Leveraging Persistence Image to Enhance Robustness and Performance in Curvilinear Structure Segmentation
Zhuangzhi Gao, Feixiang Zhou, He Zhao, Xiuju Chen, Xiaoxin Li, Qinkai Yu, Yitian Zhao, Alena Shantsila, Gregory Y. H. Lip, Eduard Shantsila, Yalin Zheng
TL;DR
This paper tackles robust segmentation of curvilinear medical structures by integrating topological information into deep networks. It introduces PIs-Regressor to approximate differentiable Persistence Images from images and Topology SegNet to fuse these features with image representations during both downsampling and upsampling. The method bypasses non-differentiable Persistence Diagrams and heavy topology-based losses, achieving state-of-the-art results on DRIVE, ER, and Optos in both pixel-level accuracy and topological fidelity, including reductions in Betti-number errors. The approach demonstrates enhanced robustness to challenging imaging conditions and offers a flexible framework that can be combined with other topology-based techniques.
Abstract
Segmenting curvilinear structures in medical images is essential for analyzing morphological patterns in clinical applications. Integrating topological properties, such as connectivity, improves segmentation accuracy and consistency. However, extracting and embedding such properties - especially from Persistence Diagrams (PD) - is challenging due to their non-differentiability and computational cost. Existing approaches mostly encode topology through handcrafted loss functions, which generalize poorly across tasks. In this paper, we propose PIs-Regressor, a simple yet effective module that learns persistence image (PI) - finite, differentiable representations of topological features - directly from data. Together with Topology SegNet, which fuses these features in both downsampling and upsampling stages, our framework integrates topology into the network architecture itself rather than auxiliary losses.

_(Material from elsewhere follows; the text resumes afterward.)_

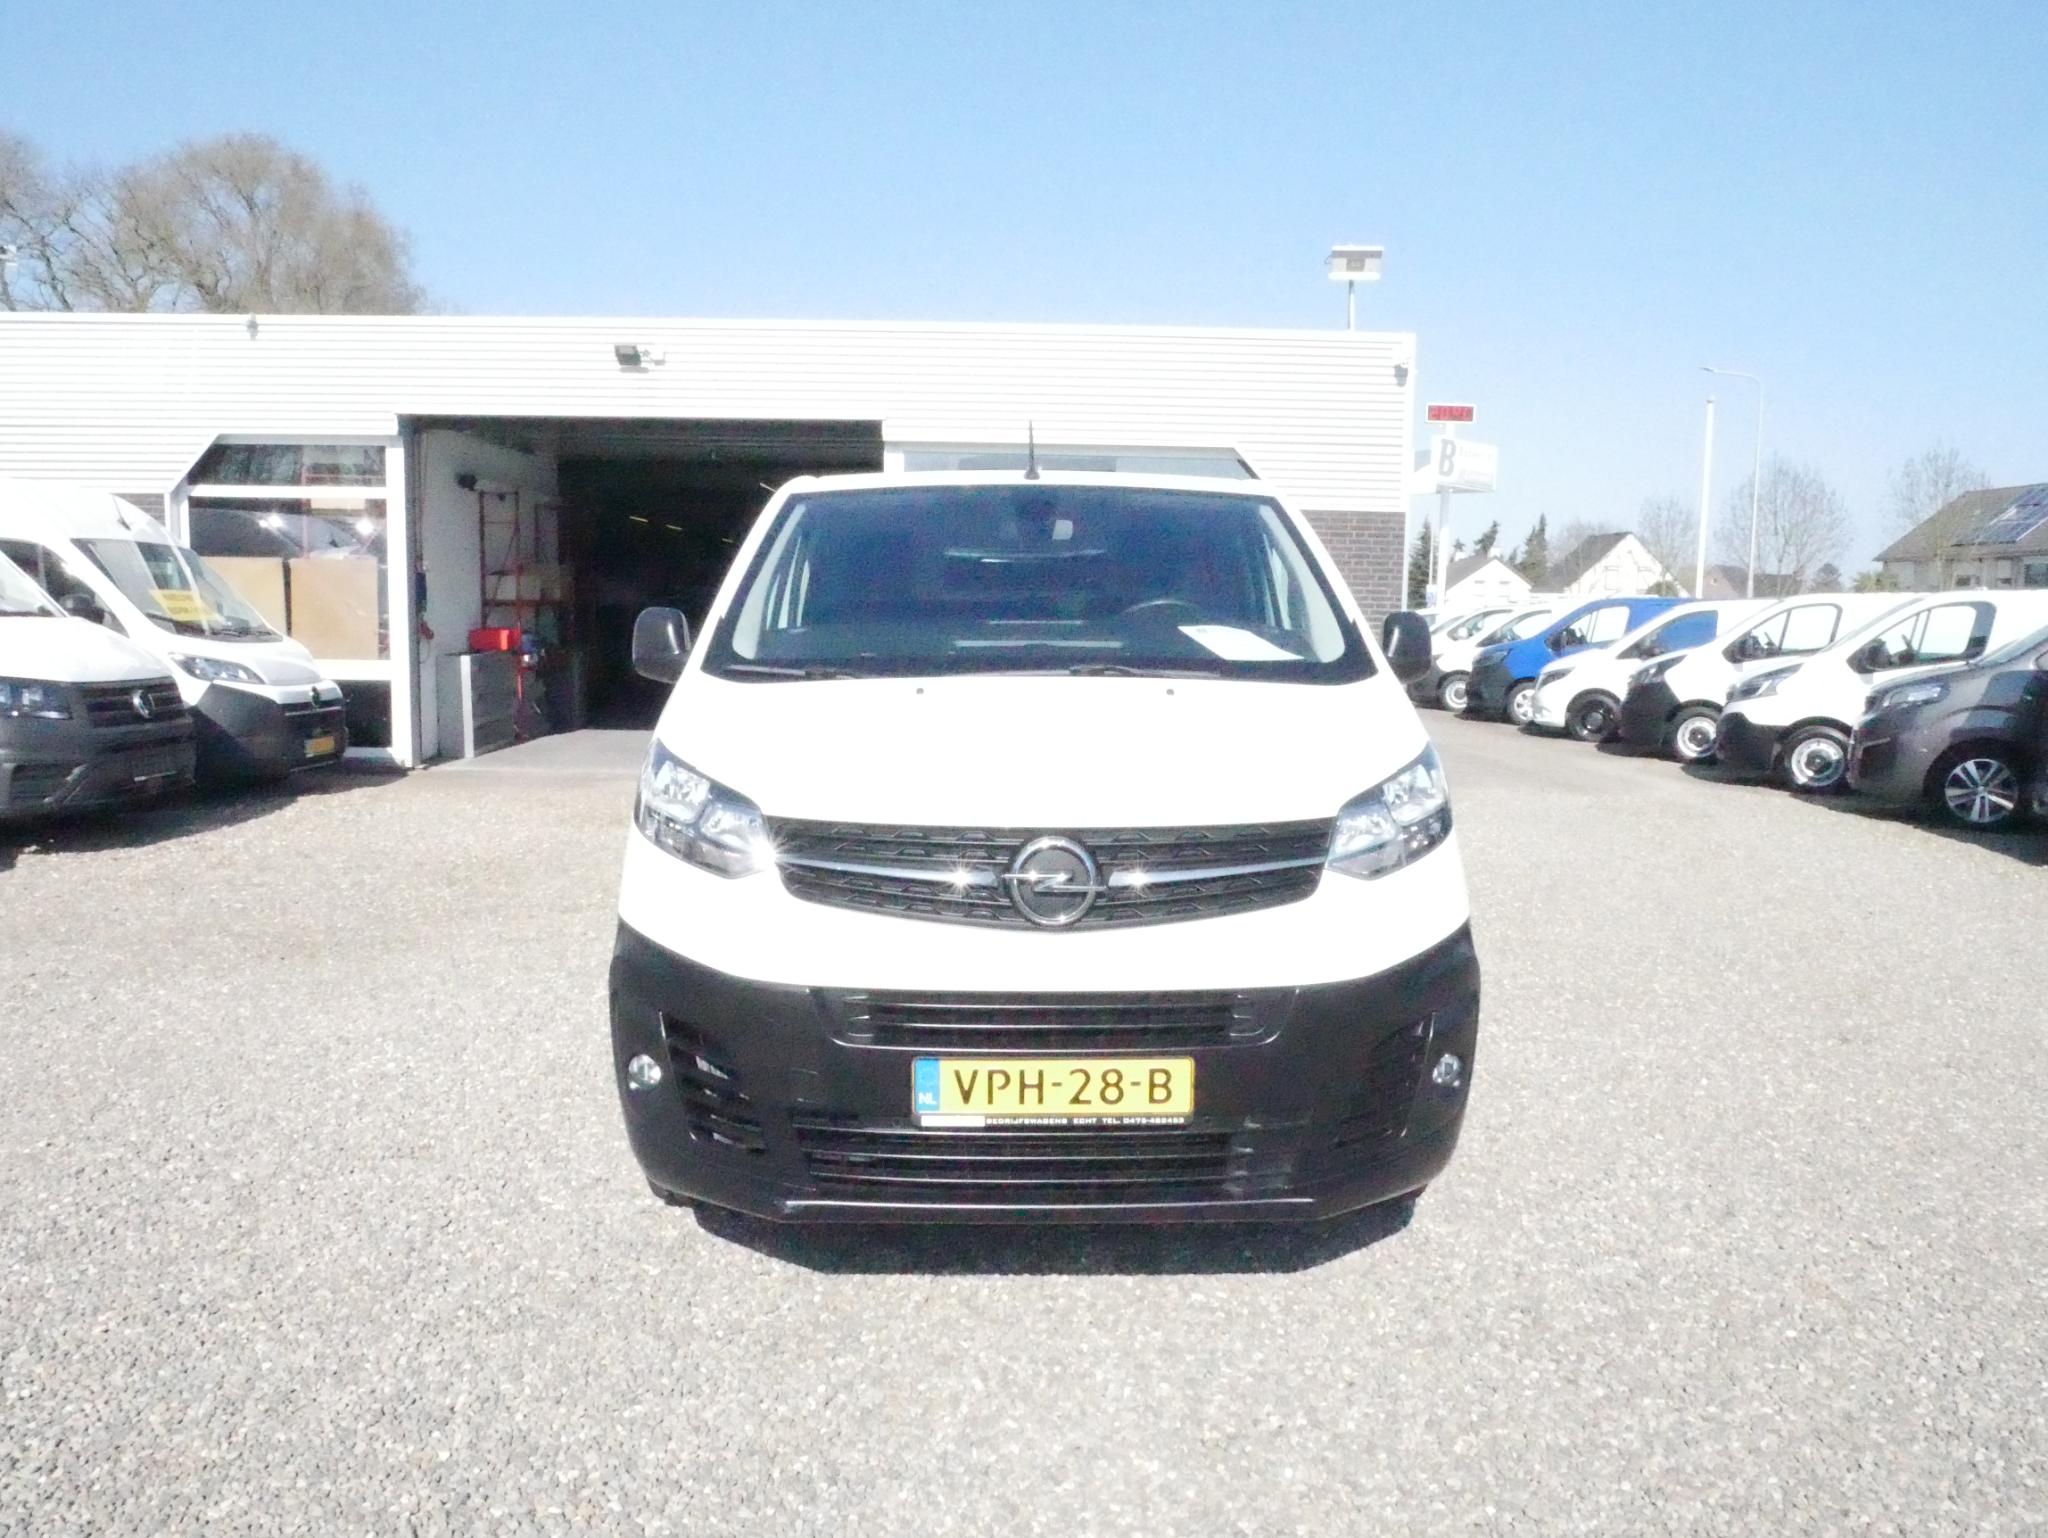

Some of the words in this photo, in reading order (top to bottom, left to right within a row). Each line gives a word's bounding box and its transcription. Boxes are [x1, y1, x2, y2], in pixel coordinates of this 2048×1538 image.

Unlike existing methods that depend heavily on handcrafted loss functions, our approach directly incorporates topological information into the network structure, leading to more robust segmentation. Our design is flexible and can be seamlessly combined with other topology-based methods to further enhance segmentation performance. Experimental results show that integrating topological features enhances model robustness, effectively handling challenges like overexposure and blurring in medical imaging. Our approach on three curvilinear benchmarks demonstrate state-of-the-art performance in both pixel-level accuracy and topological fidelity.